━━ Provided data

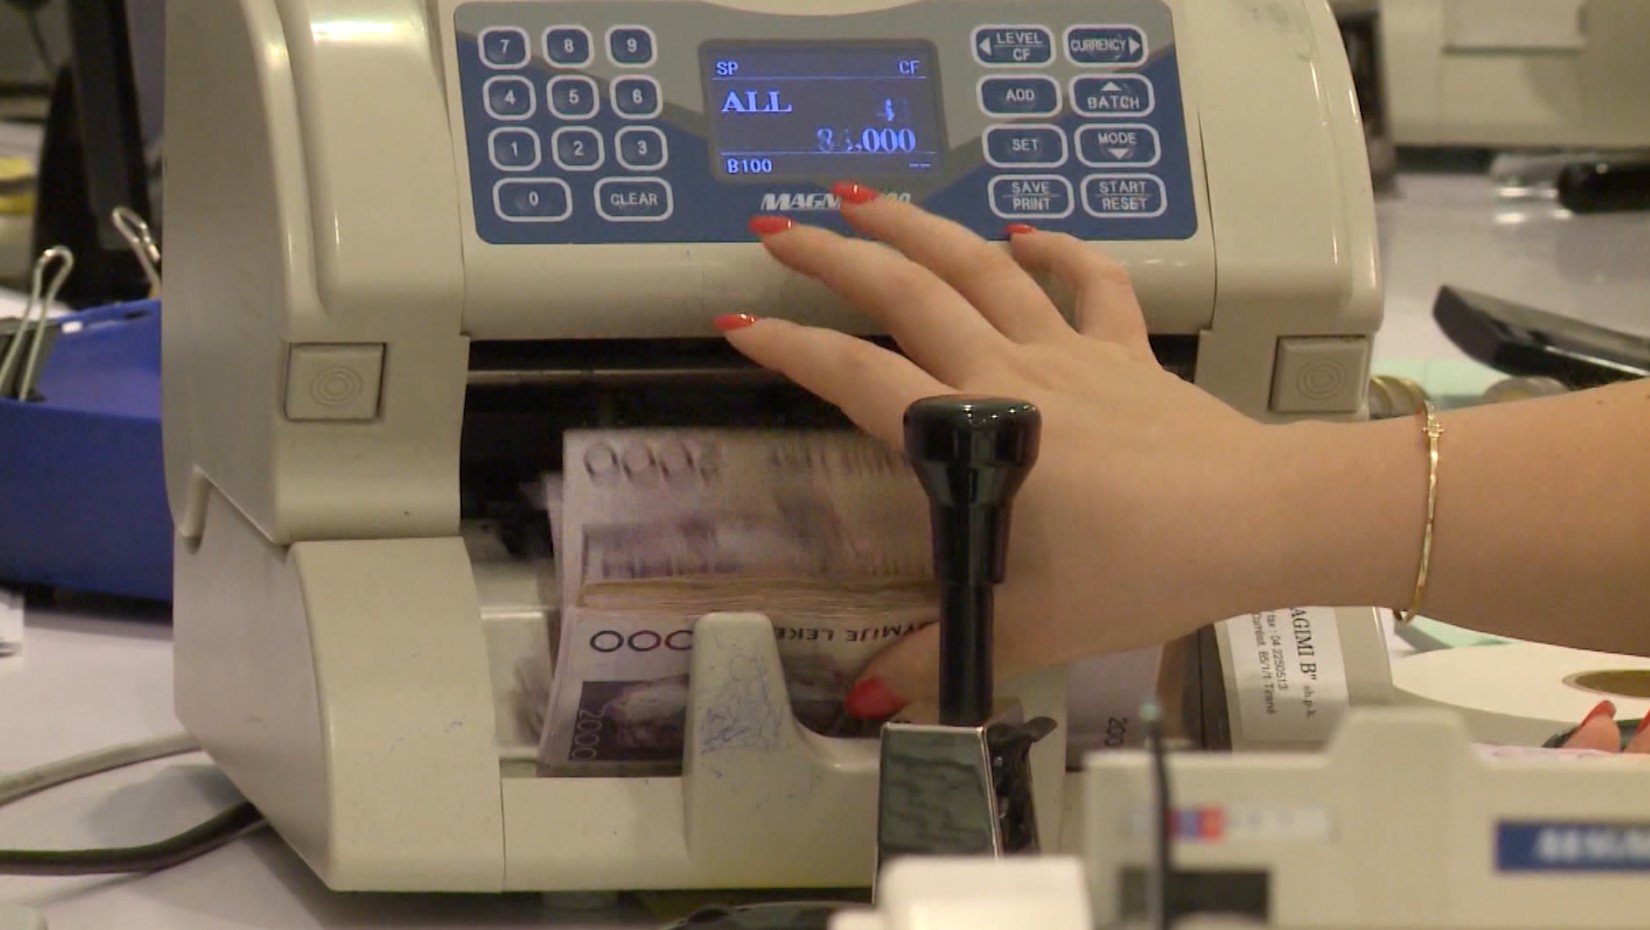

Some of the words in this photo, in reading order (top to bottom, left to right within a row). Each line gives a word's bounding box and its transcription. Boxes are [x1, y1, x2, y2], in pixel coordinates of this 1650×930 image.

[563, 38, 575, 53] 8
[626, 38, 638, 53] 9
[996, 32, 1043, 45] LEVEL
[1070, 38, 1127, 52] CURRENCY
[500, 39, 511, 54] 7
[1012, 48, 1031, 61] CF
[716, 61, 739, 76] SP
[898, 60, 921, 75] CF
[505, 89, 516, 104] 4
[568, 89, 580, 104] 5
[631, 89, 643, 104] 6
[721, 91, 793, 113] ALL
[1006, 88, 1035, 102] ADD
[1087, 97, 1140, 110] BATCH
[1012, 138, 1040, 151] SET
[1098, 132, 1137, 145] MODE
[510, 141, 519, 157] 1
[573, 140, 585, 156] 2
[636, 140, 648, 155] 3
[727, 159, 772, 173] B100
[1012, 181, 1049, 194] SAVE
[1099, 180, 1146, 194] START
[528, 191, 540, 206] 0
[610, 192, 659, 206] CLEAR
[760, 193, 842, 211] MAGN
[1013, 196, 1051, 210] PRINT
[1102, 195, 1147, 209] RESET

━━━━

Transcribe the records above exactly, leaving every picture out of the copy.

Some of the words in this photo, in reading order (top to bottom, left to right within a row). Each line gives a word's bounding box and its transcription. Boxes are [x1, y1, x2, y2], in pixel coordinates of this 1650×930 image.

[563, 38, 575, 53] 8
[626, 38, 638, 53] 9
[996, 32, 1043, 45] LEVEL
[1070, 38, 1127, 52] CURRENCY
[500, 39, 511, 54] 7
[1012, 48, 1031, 61] CF
[716, 61, 739, 76] SP
[898, 60, 921, 75] CF
[505, 89, 516, 104] 4
[568, 89, 580, 104] 5
[631, 89, 643, 104] 6
[721, 91, 793, 113] ALL
[1006, 88, 1035, 102] ADD
[1087, 97, 1140, 110] BATCH
[1012, 138, 1040, 151] SET
[1098, 132, 1137, 145] MODE
[510, 141, 519, 157] 1
[573, 140, 585, 156] 2
[636, 140, 648, 155] 3
[727, 159, 772, 173] B100
[1012, 181, 1049, 194] SAVE
[1099, 180, 1146, 194] START
[528, 191, 540, 206] 0
[610, 192, 659, 206] CLEAR
[760, 193, 842, 211] MAGN
[1013, 196, 1051, 210] PRINT
[1102, 195, 1147, 209] RESET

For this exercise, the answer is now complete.